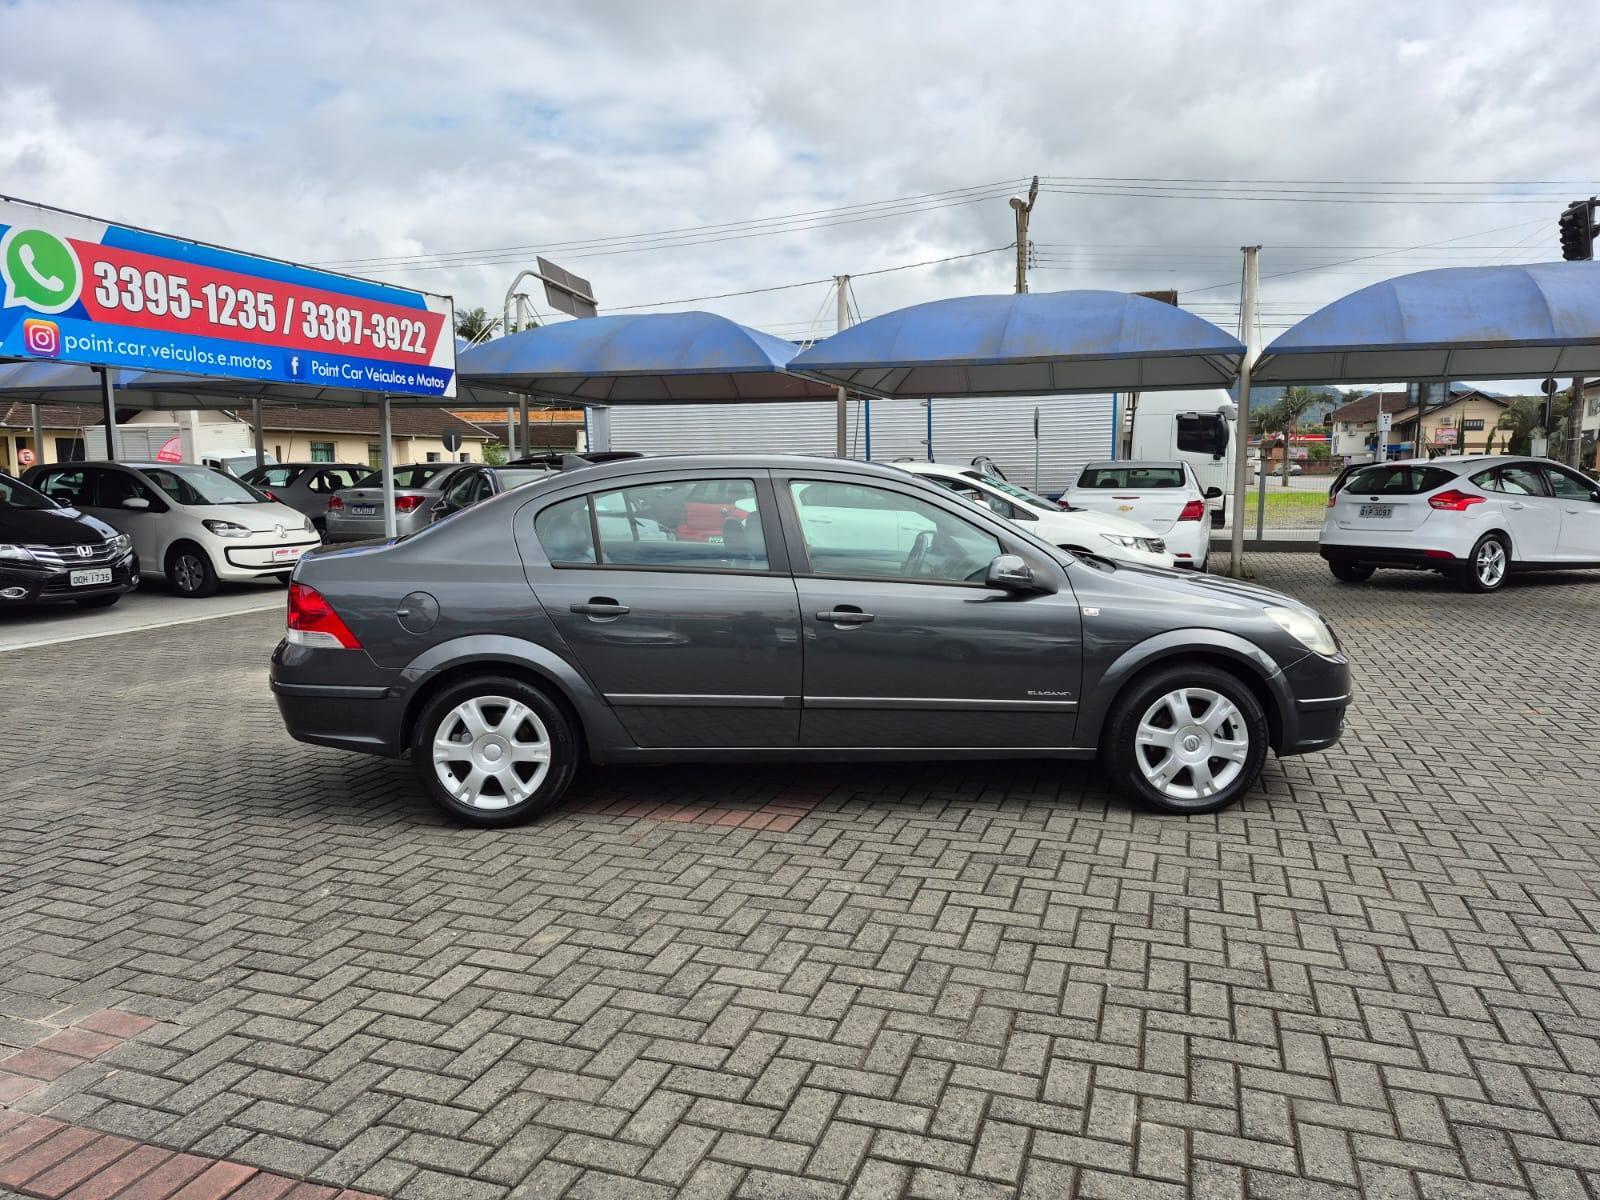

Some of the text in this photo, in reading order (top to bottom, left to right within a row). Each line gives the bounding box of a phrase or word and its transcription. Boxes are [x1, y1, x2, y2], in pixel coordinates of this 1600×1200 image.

[93, 261, 427, 354] 3395-1235 / 3387-3922
[64, 334, 273, 371] point.car.veiculos.e.motos
[311, 360, 339, 378] Point
[341, 364, 363, 380] Car
[407, 375, 414, 386] e
[416, 373, 445, 389] Motos
[91, 573, 110, 583] 1735
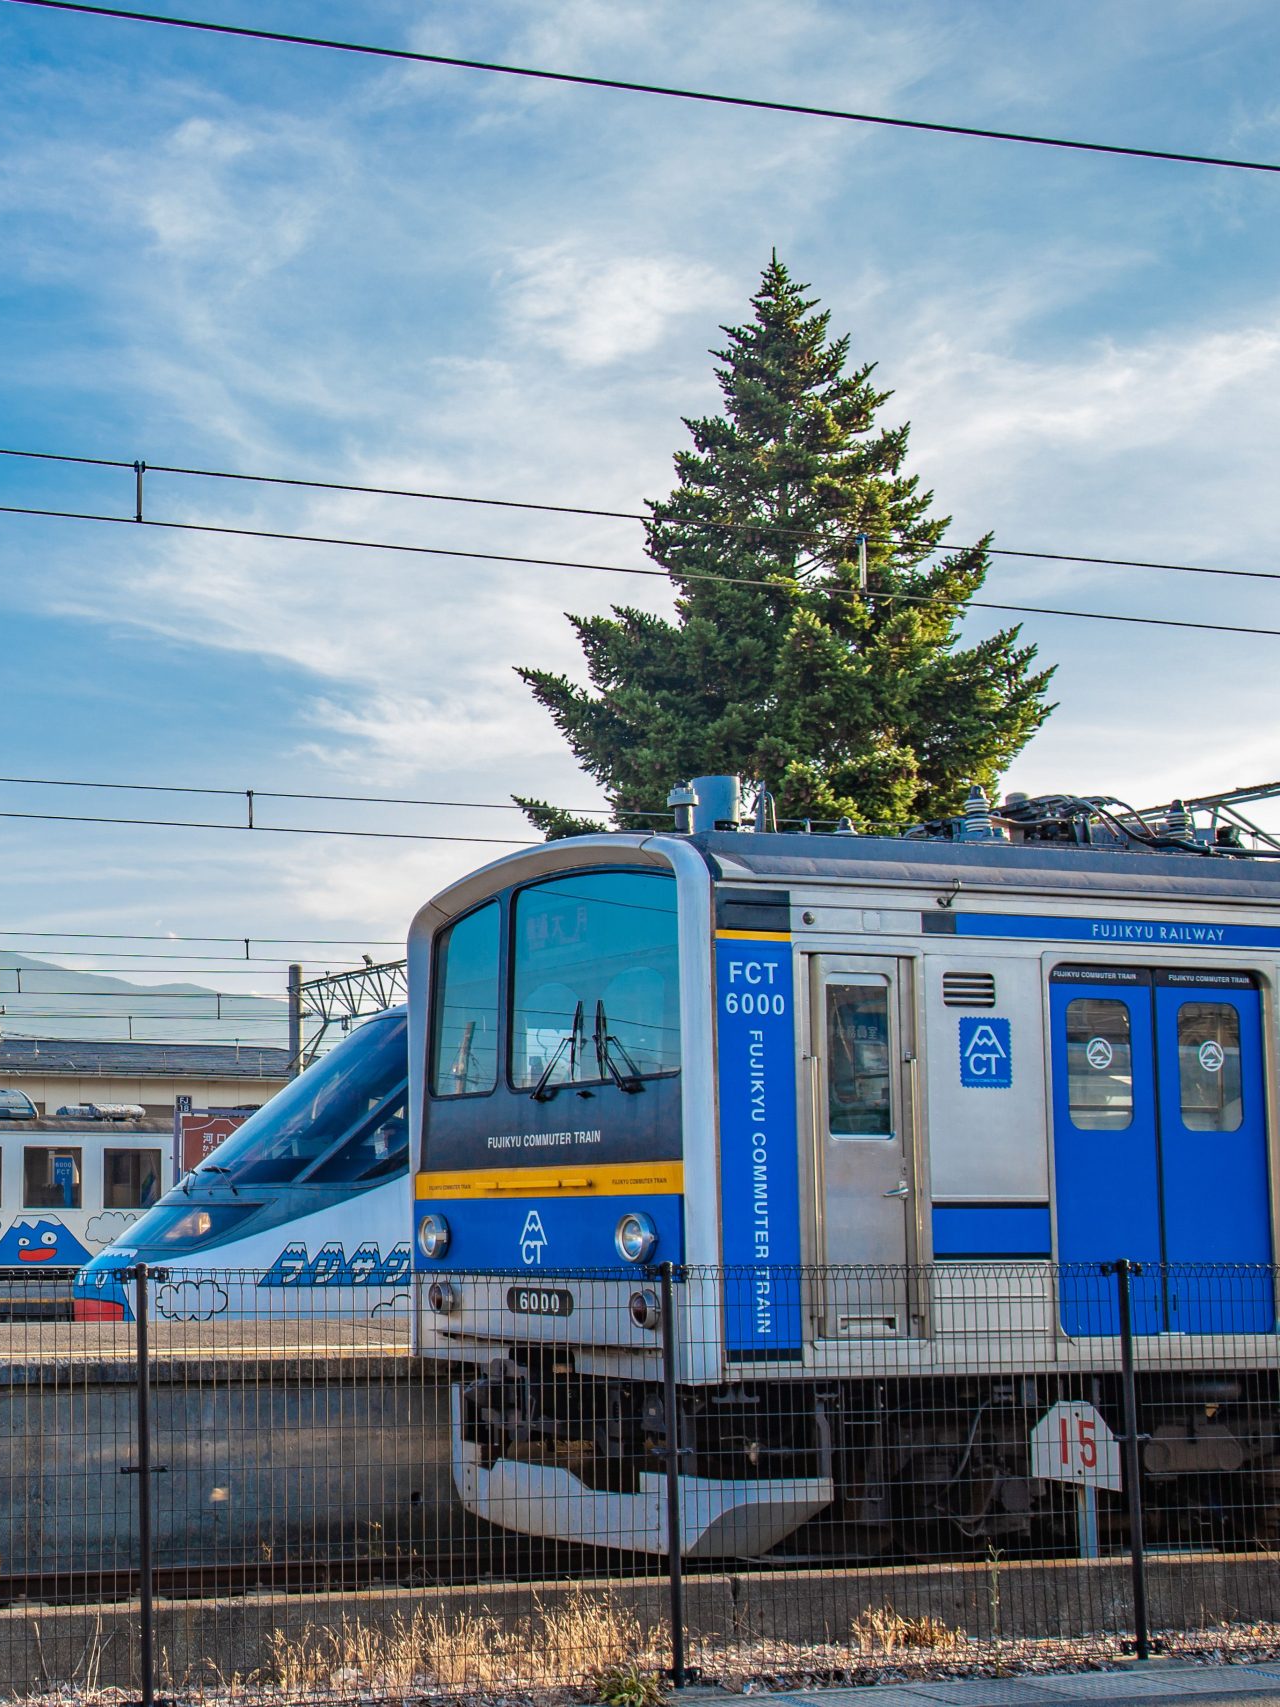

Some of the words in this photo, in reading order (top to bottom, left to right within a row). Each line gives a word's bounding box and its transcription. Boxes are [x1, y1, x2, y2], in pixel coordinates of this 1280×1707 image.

[1092, 924, 1154, 939] FUJIKYU
[1160, 927, 1225, 941] RAILWAY
[729, 961, 779, 985] FCT
[1053, 970, 1080, 978] FUJIKYU
[1168, 974, 1195, 982] FUJIKYU
[1196, 975, 1231, 983] COMMUTER
[1231, 976, 1250, 984] TRAIN
[725, 992, 785, 1016] 6000
[749, 1030, 766, 1121] FUJIKYU
[180, 1104, 189, 1112] 18
[487, 1135, 522, 1149] FUJIKYU
[523, 1132, 572, 1147] COMMUTER
[574, 1130, 601, 1144] TRAIN
[751, 1132, 770, 1259] COMMUTER
[519, 1291, 560, 1312] 6000
[755, 1266, 771, 1333] TRAIN
[1061, 1418, 1097, 1468] 15
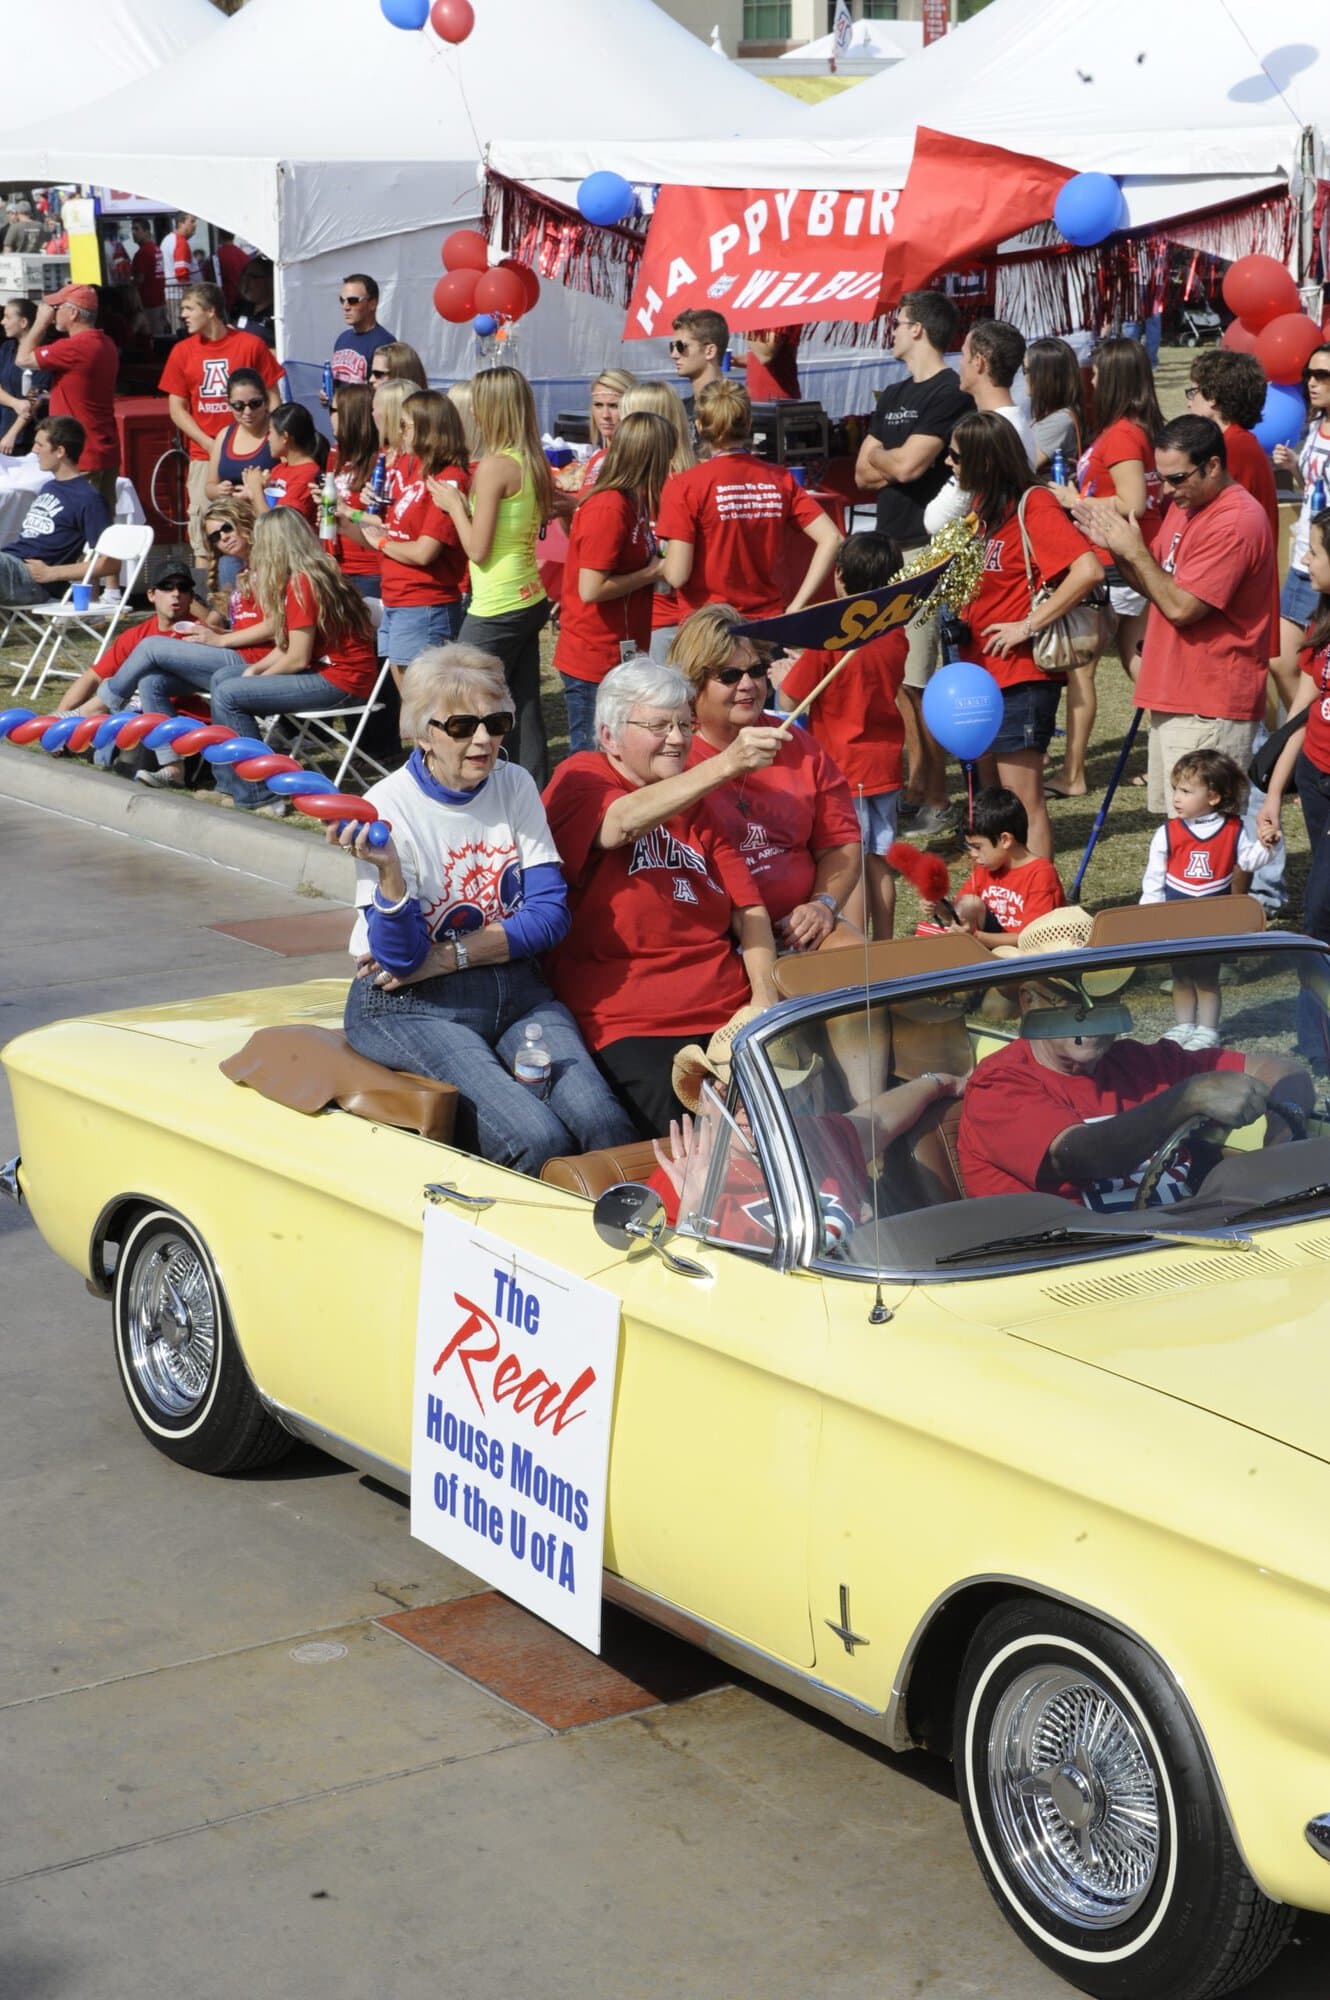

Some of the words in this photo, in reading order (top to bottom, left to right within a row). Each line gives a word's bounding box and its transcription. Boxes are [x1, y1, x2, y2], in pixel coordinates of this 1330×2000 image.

• WHAT YOU SHOULD DO
You need to restate all of the entries above exactly and leave the pictures behind.

• REPLY TO THE EXERCISE
Some of the text in this photo, in reading order (top to bottom, left to right within a row). Each line gives the bounding box of a phrase or word and its transcription. Boxes are [x1, y1, x2, y2], in pixel coordinates of this 1600×1200 image.

[93, 261, 427, 354] 3395-1235 / 3387-3922
[64, 334, 273, 371] point.car.veiculos.e.motos
[311, 360, 339, 378] Point
[341, 364, 363, 380] Car
[407, 375, 414, 386] e
[416, 373, 445, 389] Motos
[91, 573, 110, 583] 1735

Some of the words in this photo, in reading order (top to bottom, left to right within a row). Each line gives a word's bounding box and its transcription. Boxes are [x1, y1, x2, y2], in pixel coordinates of this 1280×1707 image.

[1092, 924, 1154, 939] FUJIKYU
[1160, 927, 1225, 941] RAILWAY
[729, 961, 779, 985] FCT
[1053, 970, 1080, 978] FUJIKYU
[1168, 974, 1195, 982] FUJIKYU
[1196, 975, 1231, 983] COMMUTER
[1231, 976, 1250, 984] TRAIN
[725, 992, 785, 1016] 6000
[749, 1030, 766, 1121] FUJIKYU
[180, 1104, 189, 1112] 18
[487, 1135, 522, 1149] FUJIKYU
[523, 1132, 572, 1147] COMMUTER
[574, 1130, 601, 1144] TRAIN
[751, 1132, 770, 1259] COMMUTER
[519, 1291, 560, 1312] 6000
[755, 1266, 771, 1333] TRAIN
[1061, 1418, 1097, 1468] 15

Some of the words in this photo, in reading order (top to bottom, left to right within a row). Each line gives a word's bounding box and its transcription. Boxes are [x1, y1, x2, y2], in pixel coordinates of this 1330×2000 image.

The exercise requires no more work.